User IDs are decoded as UTF-8 text (typically Name <email>), and each subkey is parsed the same way as the primary.
Example output
A decoded key looks like:
Algorithm: EdDSA (Ed25519)
Created: 2024-09-12T10:00:00Z
Key ID: A1B2C3D4E5F60718
Fingerprint: 1111 2222 3333 4444 5555 6666 7777 8888 A1B2 C3D4
User IDs: Ada Lovelace <[email protected]>
Subkeys: 1 (ECDH encryption subkey)
When to use this tool
Before encrypting a message or verifying a signature you should confirm the fingerprint of the public key you are using matches what the owner published — on their website, in a signed email header, or on a keyserver. A single transposed character in the fingerprint is enough to send an encrypted message to the wrong key. This inspector makes that comparison quick without installing GPG or any software.
It is also useful when:
- You receive an exported key file and want to confirm which algorithm and identity it carries before importing it.

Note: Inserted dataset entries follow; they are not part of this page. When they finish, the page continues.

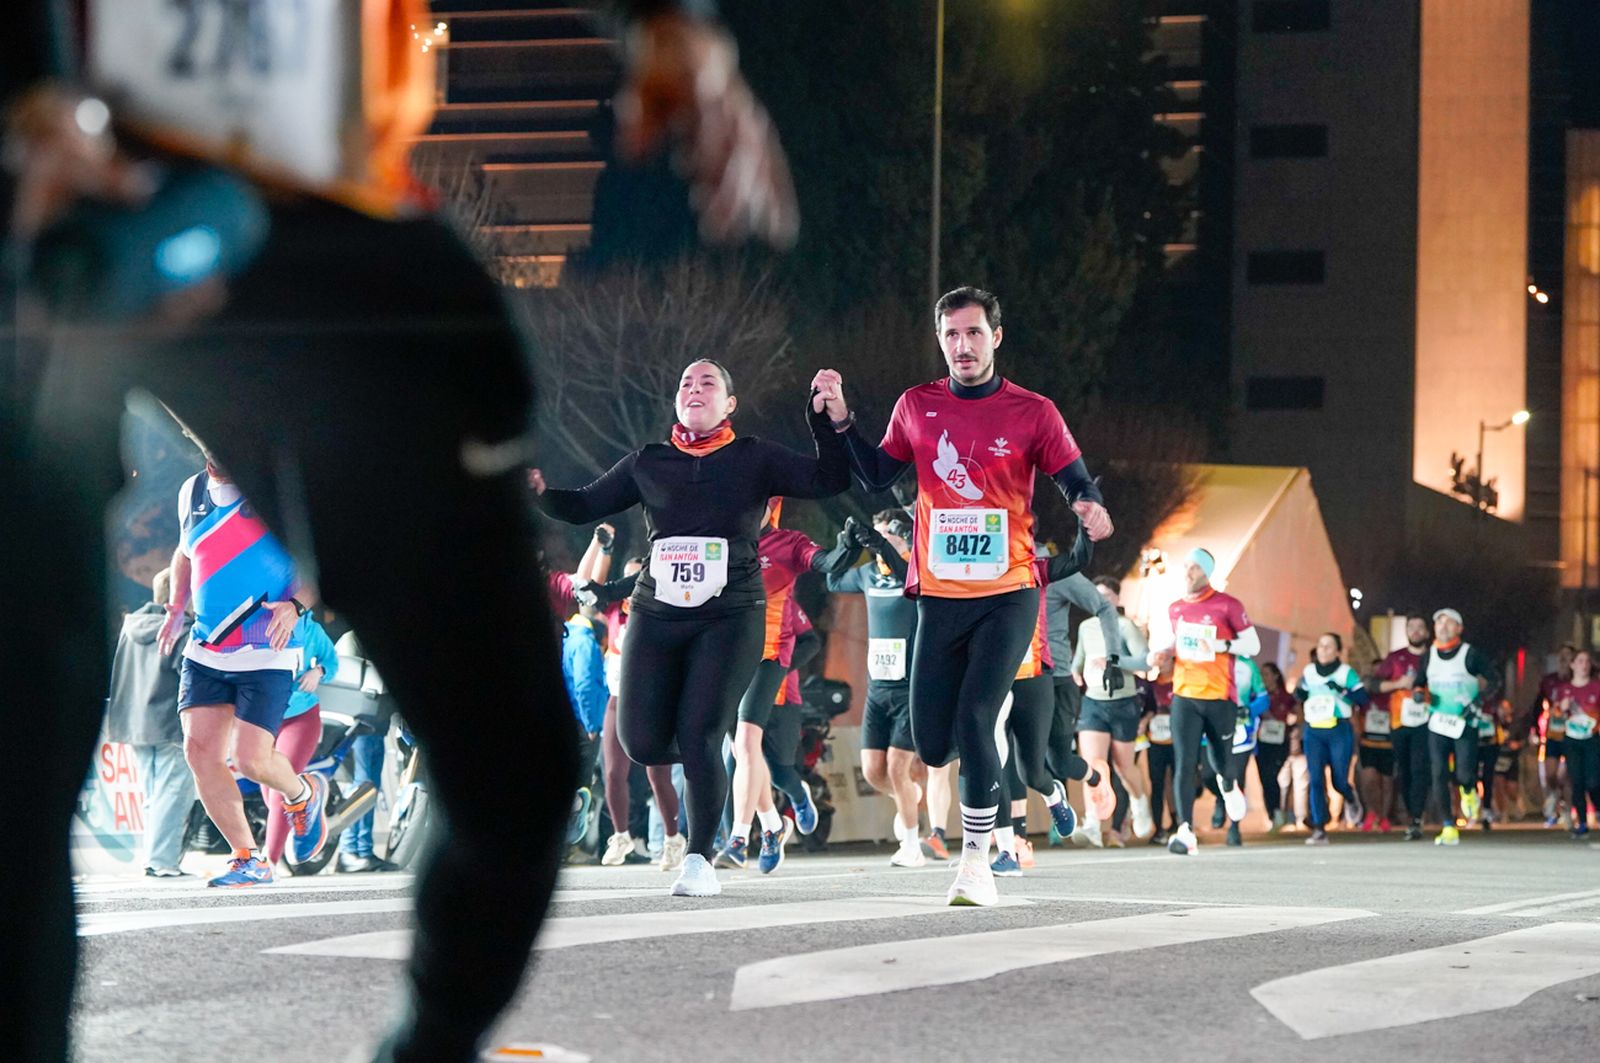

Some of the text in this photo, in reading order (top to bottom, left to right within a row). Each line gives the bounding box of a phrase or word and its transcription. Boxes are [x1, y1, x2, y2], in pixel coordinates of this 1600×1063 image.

[946, 468, 966, 489] 43
[939, 525, 953, 533] SAN
[954, 524, 978, 533] ANTÓN
[667, 544, 699, 552] NOCHE DE
[946, 534, 992, 556] 8472
[659, 552, 673, 561] SAN
[670, 562, 705, 583] 759
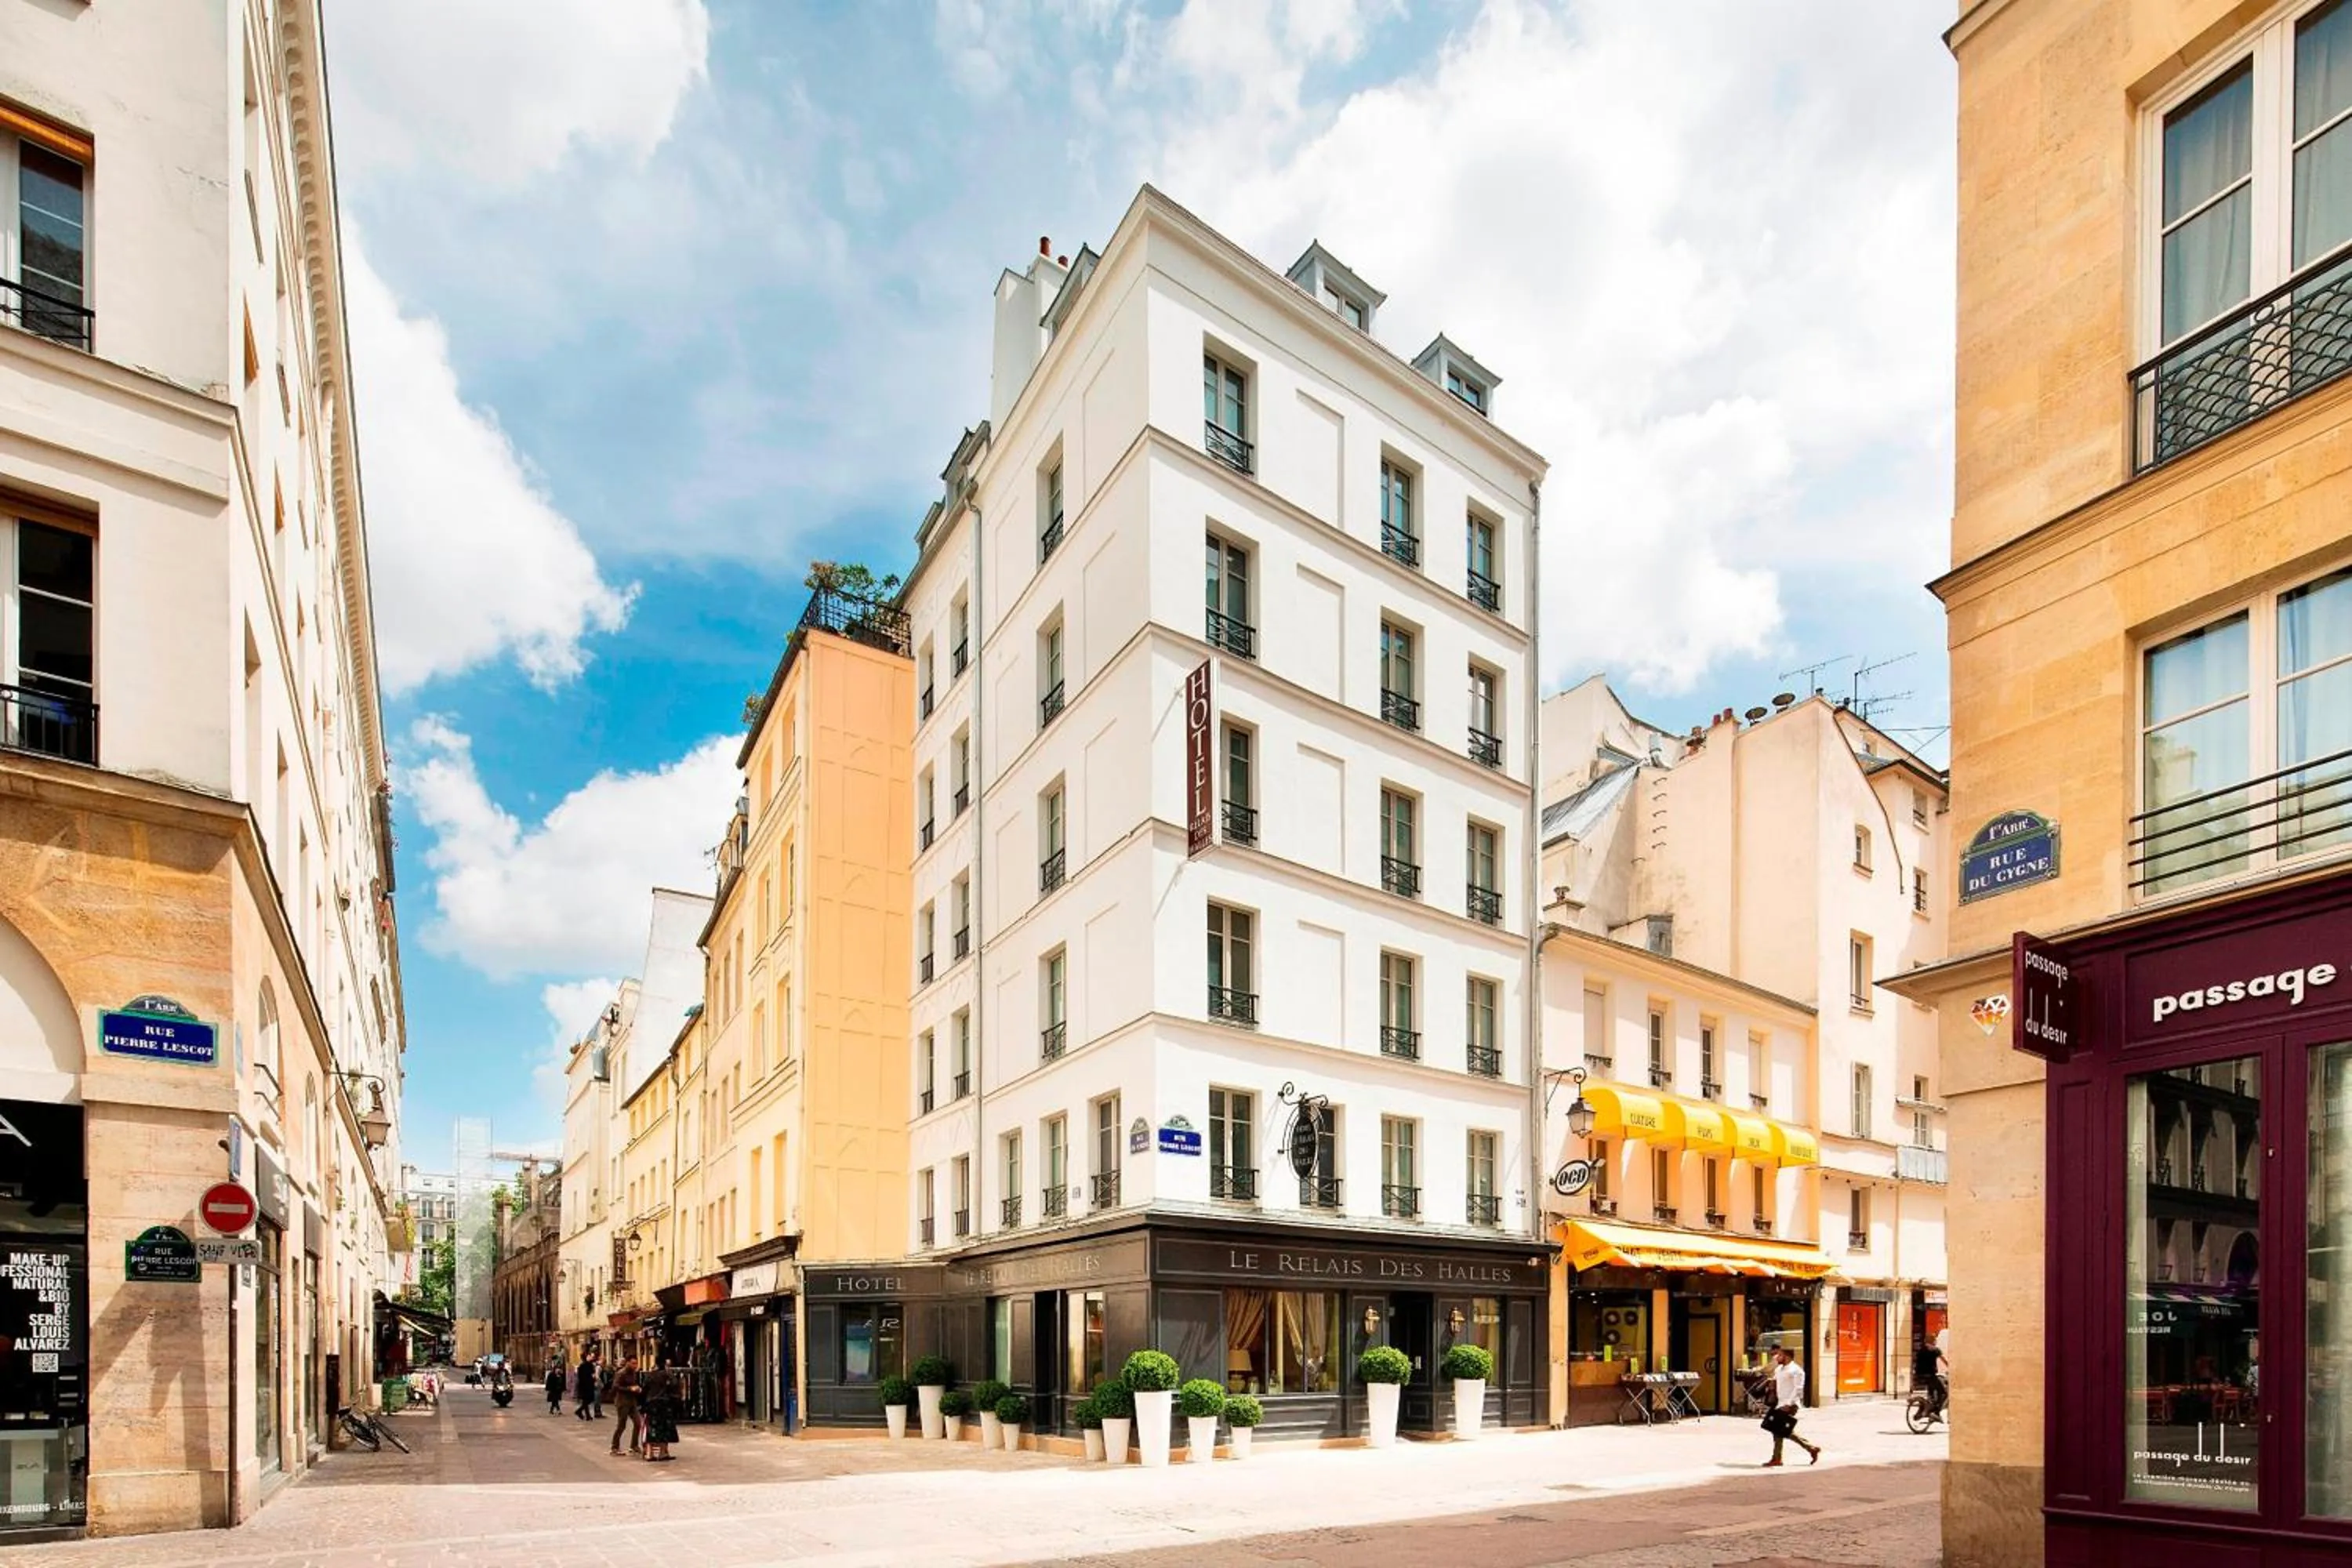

- You are debugging OpenPGP email in a mail client and want to see which subkey is in the signing or encryption packet.
- You are auditing keys generated by a library or service to check that the algorithm and key size match your policy (for example, verifying that a provisioned key uses Ed25519 and not a weaker RSA-1024).
Common algorithms you will encounter
| Algorithm byte | Name | Common use |
|---|---|---|
| 1 | RSA | Legacy sign and encrypt |
| 17 | DSA | Legacy signing only |
| 16 | ElGamal | Legacy encryption only |
| 18 | ECDH | Modern encryption subkeys |
| 19 | ECDSA | Modern signing |
| 22 | EdDSA (Ed25519) | Modern sign — compact and fast |
Notes
Fingerprints are computed with the browser’s Web Crypto SHA-1, the standard hash for v4 OpenPGP fingerprints. Everything runs locally, so even a private-key block stays on your device. Packet parsing supports both the old and new length formats; truncated or corrupt armor is reported rather than guessed. Legacy v3 keys use an MD5 fingerprint scheme not implemented here, so only their basic fields are shown.